Visualizing active viral infection reveals diverse cell fates in synchronized algal bloom demise
Vincent, Flora et al. (2021), Visualizing active viral infection reveals diverse cell fates in synchronized algal bloom demise, Dryad, Dataset, https://doi.org/10.5061/dryad.h44j0zpjc
Marine viruses are the most abundant biological entity in the ocean and are considered as major evolutionary drivers of microbial life (Suttle, 2007). Yet, we lack quantitative approaches to assess their impact on the marine ecosystem. Here, we provide quantification of active viral infection in the bloom forming single celled phytoplankton Emiliania huxleyi infected by the large virus EhV, using high-throughput single molecule mRNA in situ hybridization of both virus and host transcripts. In natural samples, viral infection reached only 25% of the population despite synchronized bloom demise exposing co-existence of infected and non-infected subpopulations. We prove that photosynthetically active cells chronically release viral particles through non-lytic infection, and that viral-induced cell lysis can occur without viral release, thus challenging major assumptions regarding the life cycle of giant viruses. We could also assess active infection in cell aggregates, linking viral infection and carbon export to the deep ocean (Laber et al., 2018) and suggest a potential host defense strategy by enrichment of infected cells in sinking aggregates. Our approach can be applied to diverse marine microbial systems, opening a mechanistic dimension to the study of biotic interactions in the ocean.
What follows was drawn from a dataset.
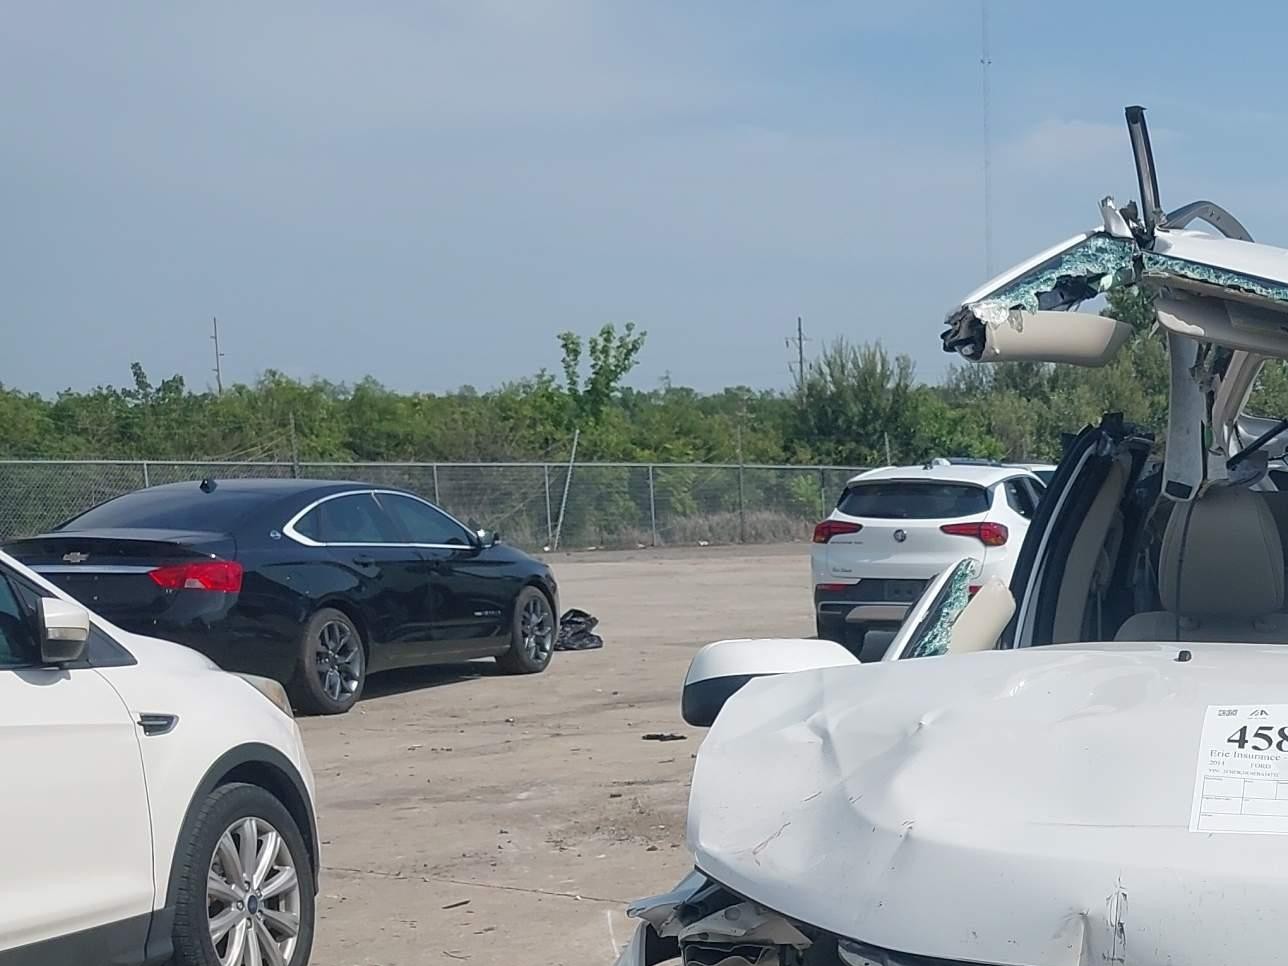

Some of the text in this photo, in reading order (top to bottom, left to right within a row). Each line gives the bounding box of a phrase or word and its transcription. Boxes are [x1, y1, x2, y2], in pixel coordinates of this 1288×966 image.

[1209, 749, 1230, 758] Erie
[1233, 750, 1281, 761] Insurance
[1250, 762, 1272, 770] FORD
Culture growth and viral infection
The non-calcifying E. huxleyi strain CCMP 2090 was used for this study. Cells were cultured in K/2 medium with antibiotics (Ampicillin and Kanamycin) and incubated at 18°C with a 16:8h light-dark illumination cycle. A light intensity of 100 μmol photons m-2 s-1 was provided by cool white light-emitting diode lights. All experiments started with exponential phase cultures (5*10^5 cells mL-1). The virus used for this study is EhV201 propagated on CCMP2090 with antibiotics. Five day before infection, Most Probable Number assays were performed to assess the fraction of infectious viruses in the stock (48). E. huxleyi was infected with 5:1 multiplicity of infection (MOI) ratio of infectious virus per cell, hence guaranteeing that all cells encountered an infectious particle 30 minutes post infection. Time course of infected and non-infected cultures were done simultaneously, in triplicates. A second MPN experiment was performed on the day of the experiment with the same virus and same algae to assess the exact MOI at the beginning of the experiment (Table S1).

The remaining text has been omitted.